Cps Energy Questionnaire Form PDF Details

Engaging with CPS Energy, an important step for businesses in the energy sector, involves filling out a comprehensive business questionnaire. This document, designed for office use, asks for detailed information about the business, such as the name, contact details, size, and type of ownership, including classifications for small and large businesses, and specific designations like Woman Owned, Veteran Owned, and Service Disabled Veteran Owned, among others. It also inquires about the business's primary NAICS code—a classification that indicates the company's industry sector—and requires truthful reporting under potential penalty for misrepresentation. The questionnaire emphasizes the importance of updating the company's information if there are any changes in size or ownership status within a year. Filled with crucial checkboxes and prompts, it crucially impacts how businesses interact with CPS Energy, guiding them to disclose necessary details for effective collaboration and adherence to legal and operational standards. Directed inquiries and submissions into the completion of this form, along with a provided contact for questions, mark the steps for businesses aiming to align with CPS Energy's requirements, ensuring they are recognized accurately within their system.

QuestionAnswer
Form NameCps Energy Questionnaire Form
Form Length2 pages
Fillable?No
Fillable fields0
Avg. time to fill out30 sec
Other namesenergy business questionnaire, e-mailed, cps questionnaire, 1-800-U-ASK-SBA

Form Preview Example

(FOR OFFICE USE ONLY)

NAICS CODES:

ID CODE:

V#:

 

 

 

 

 

CPS ENERGY BUSINESS QUESTIONNAIRE

Phone: (210) 353-2474 Fax: (210) 353-3021 Website: www.cpsenergy.com

1.Name of business:______________________________________________________________________________

Doing business as:______________________________________________________________________________

(other business name, if applicable)

Contact person and title:_________________________________________________________________________

2.Business mailing address:________________________________________________________________________

City:______________________________________ State:__________________ Zip Code:________/_________

3.

Business telephone number: (

)______-_______________ 4.

Fax number: (

)______-_______________

 

Business e-mail address (if applicable): _____________________________________________________________

4.

Is the above business name and mailing address considered the home office? ___ Yes

___ No

5.

Size: (check one of the following) _____ Small Business or

_____ Large Business

(If you are having difficulty determining your size status please call SBA at 1-800-U-ASK-SBA or (202) 205-6618 for assistance.)

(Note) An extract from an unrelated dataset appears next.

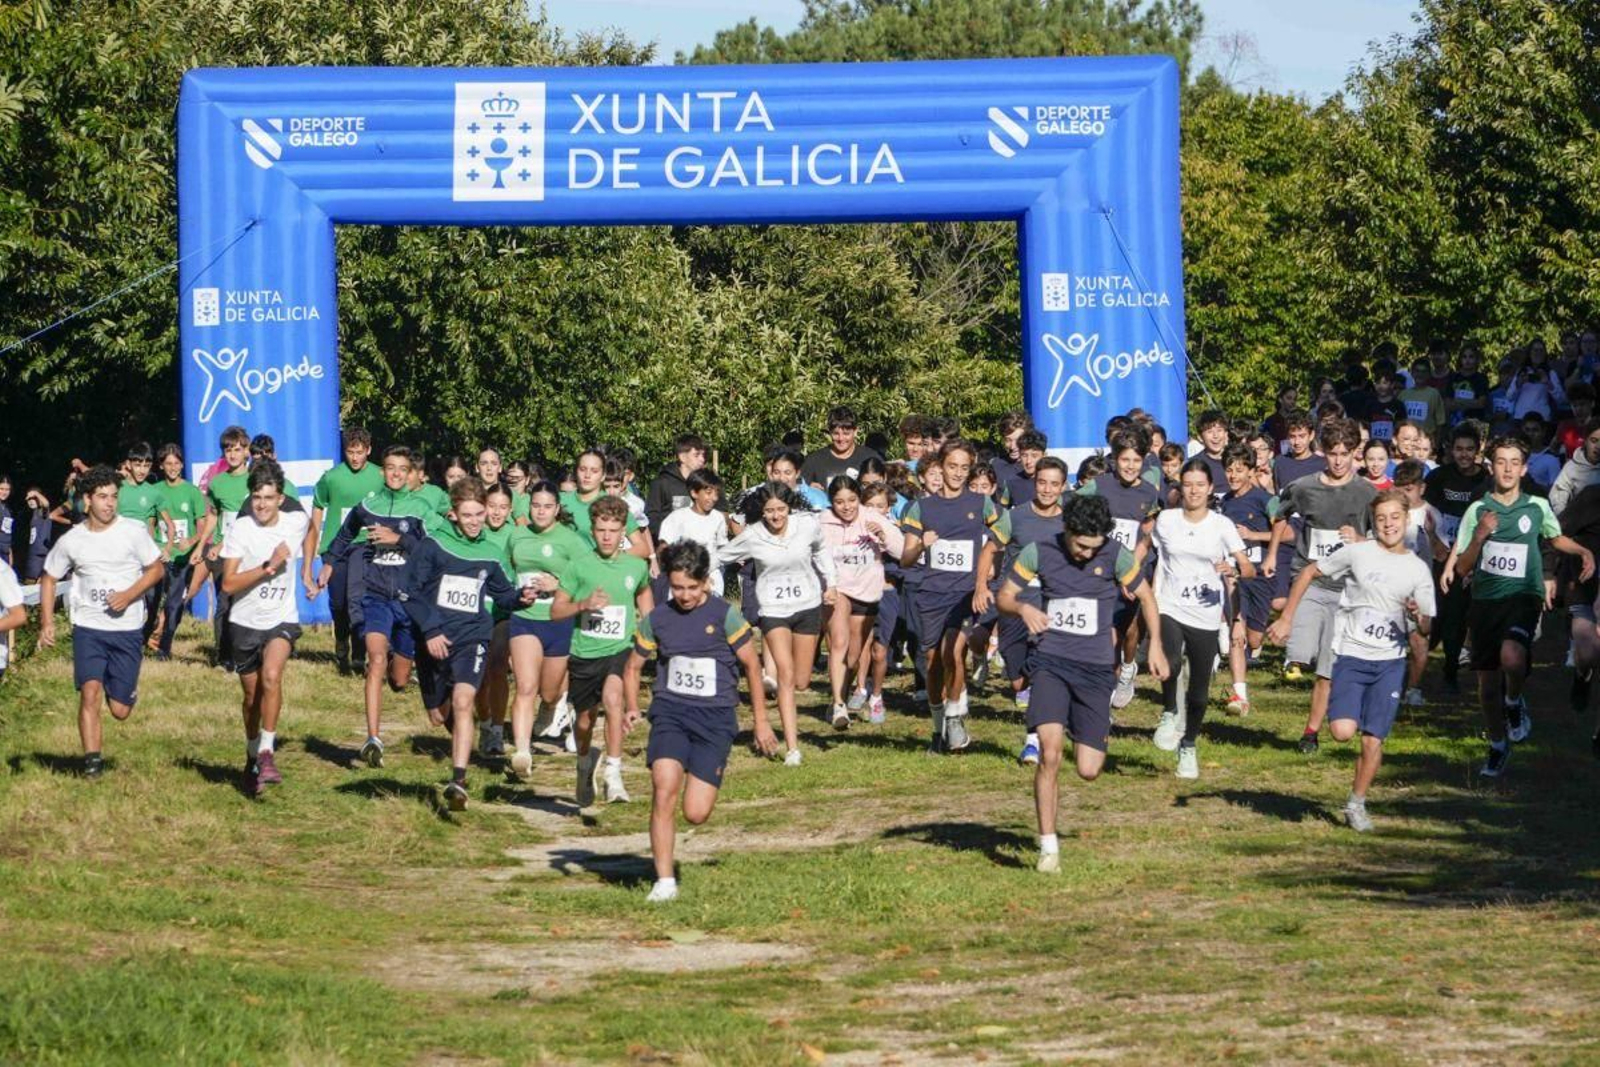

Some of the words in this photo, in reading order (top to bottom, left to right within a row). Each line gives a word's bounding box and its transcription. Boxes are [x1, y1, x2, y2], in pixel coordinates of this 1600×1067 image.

6.Please check the following applicable boxes:

Certified by SBA as a HUBZone Small Business

Woman Owned Small Business

Woman Owned Large Business

Veteran Owned Small Business

Veteran Owned Large Business

Service Disabled Veteran Owned Small Business

Service Disabled Veteran Owned Large Business

Certified by SBA as a Small Disadvantaged Business*

Small Disadvantaged Business not certified by the SBA*

Large Disadvantaged Business*

*What is your ethnicity? ___ Black American, ___ Hispanic American, ___ Native American,

___ Asian Pacific American, ___ Subcontinent Asian American

______ Historically Black College/Univeristy or Minority Institution

______ Other: Specify _______________________

7.Number of Employees: _____

8.Primary NAICS Code: _____

If the NAICS Code is unknown, please refer to www.sba.gov/size or provide a description of your materials and/or services so that we may provide the appropriate code for you:____________________________________________

_____________________________________________________________________________________________

Under 15 U.S.C. 645(d), any person who misrepresents its size status shall (1) be punished by a fine, imprisonment, or both; (2) be subject to administrative remedies; and (3) be ineligible for participation in programs conducted under the authority of the Small Business Act.

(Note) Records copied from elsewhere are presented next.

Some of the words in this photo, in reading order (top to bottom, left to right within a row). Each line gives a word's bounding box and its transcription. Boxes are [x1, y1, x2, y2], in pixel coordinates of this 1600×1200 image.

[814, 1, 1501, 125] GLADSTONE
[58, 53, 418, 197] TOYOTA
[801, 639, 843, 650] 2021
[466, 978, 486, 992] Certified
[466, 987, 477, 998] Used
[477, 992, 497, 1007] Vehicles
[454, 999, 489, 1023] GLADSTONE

Printed name and Title :_______________________________________________________________

Signature:_________________________________________________Date:_____________________

GOOD FOR ONE YEAR PERIOD. IT IS YOUR RESPONSIBILITY TO NOTIFY US IF YOUR SIZE OR OWNERSHIP STATUS CHANGES DURING THIS PERIOD. PLEASE LIST, ON THE BACK OF THIS FORM, OR AN ATTACHED SHEET, ALL OTHER BUSINESS NAMES AND LOCATIONS THAT ARE AFFILIATED WITH YOUR FIRM, E.G., BRANCH LOCATIONS, ETC.